**Instructions to follow:** Copy every entry word for word. Skip the pictures.

** Opening Data to use block **

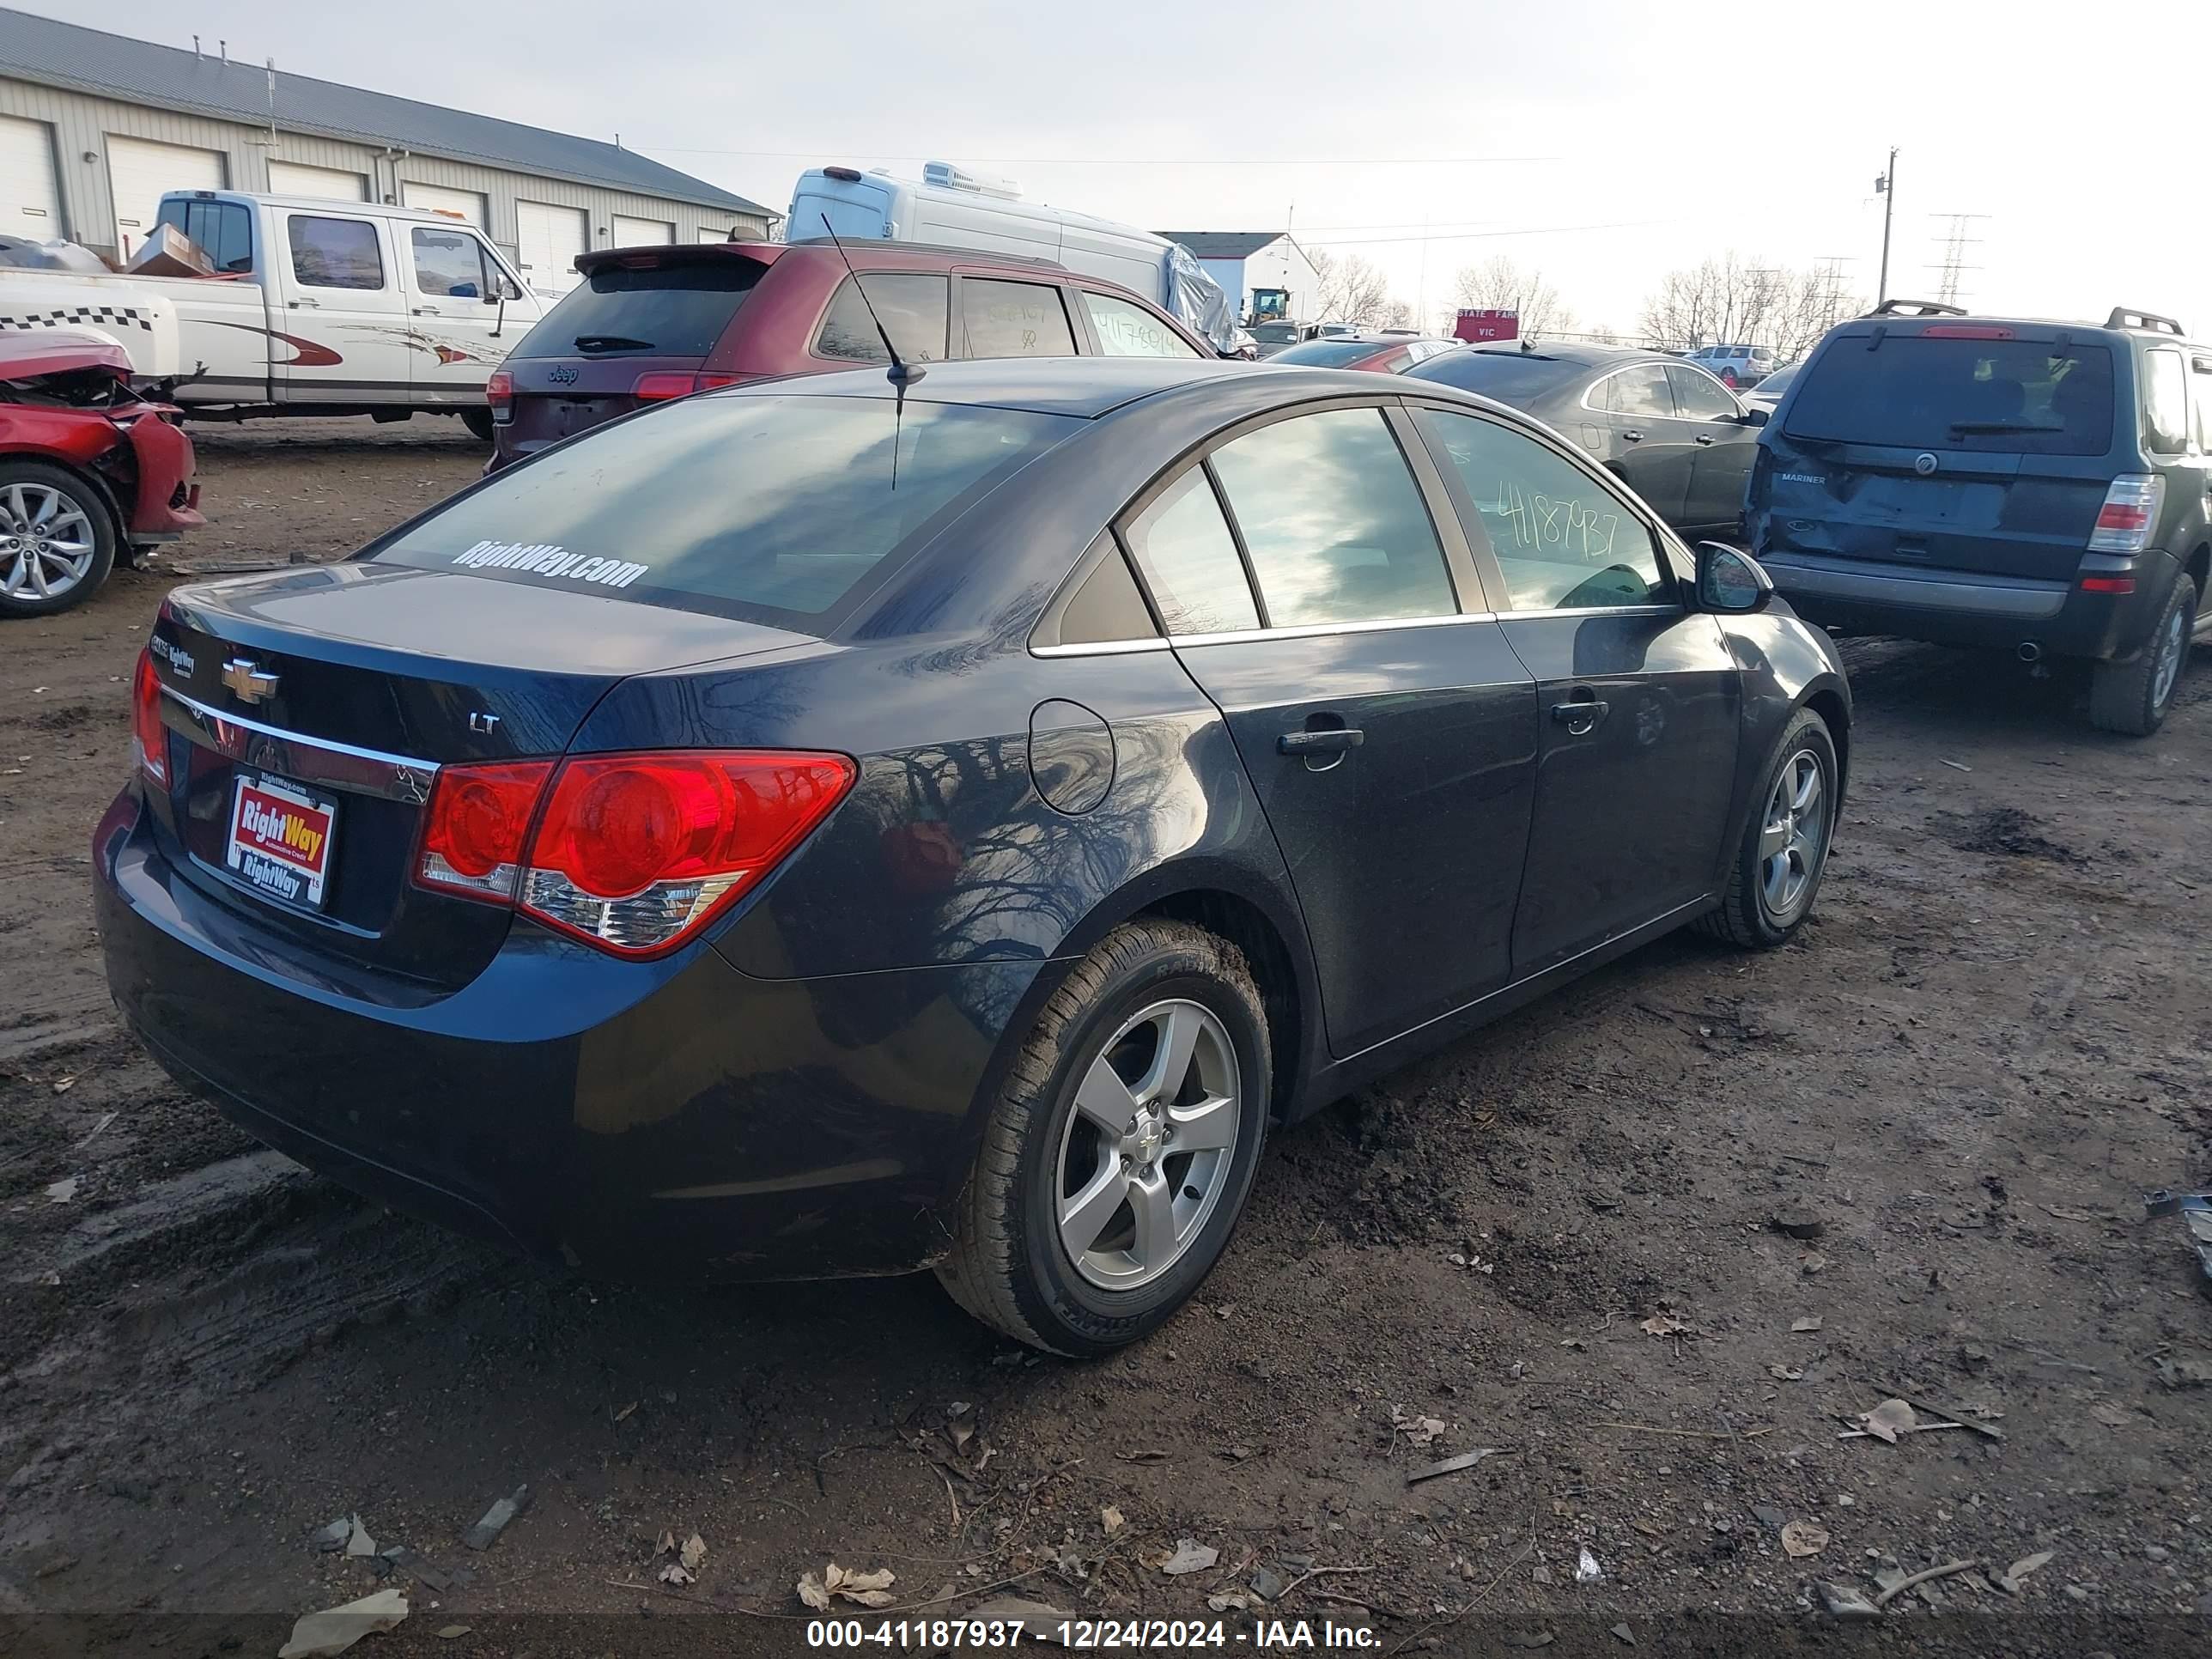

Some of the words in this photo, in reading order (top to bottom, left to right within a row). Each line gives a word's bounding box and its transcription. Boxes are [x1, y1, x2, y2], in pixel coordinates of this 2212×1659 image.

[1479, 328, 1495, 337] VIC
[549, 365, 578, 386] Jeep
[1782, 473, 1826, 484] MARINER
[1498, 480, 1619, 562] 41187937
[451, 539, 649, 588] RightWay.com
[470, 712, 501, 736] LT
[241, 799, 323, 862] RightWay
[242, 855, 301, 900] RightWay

** Closing Data to use block **

**Solution:**
Some of the words in this photo, in reading order (top to bottom, left to right within a row). Each line gives a word's bounding box and its transcription. Boxes are [x1, y1, x2, y2], in pixel coordinates of this 2212×1659 image.

[1479, 328, 1495, 337] VIC
[549, 365, 578, 386] Jeep
[1782, 473, 1826, 484] MARINER
[1498, 480, 1619, 562] 41187937
[451, 539, 649, 588] RightWay.com
[470, 712, 501, 736] LT
[241, 799, 323, 862] RightWay
[242, 855, 301, 900] RightWay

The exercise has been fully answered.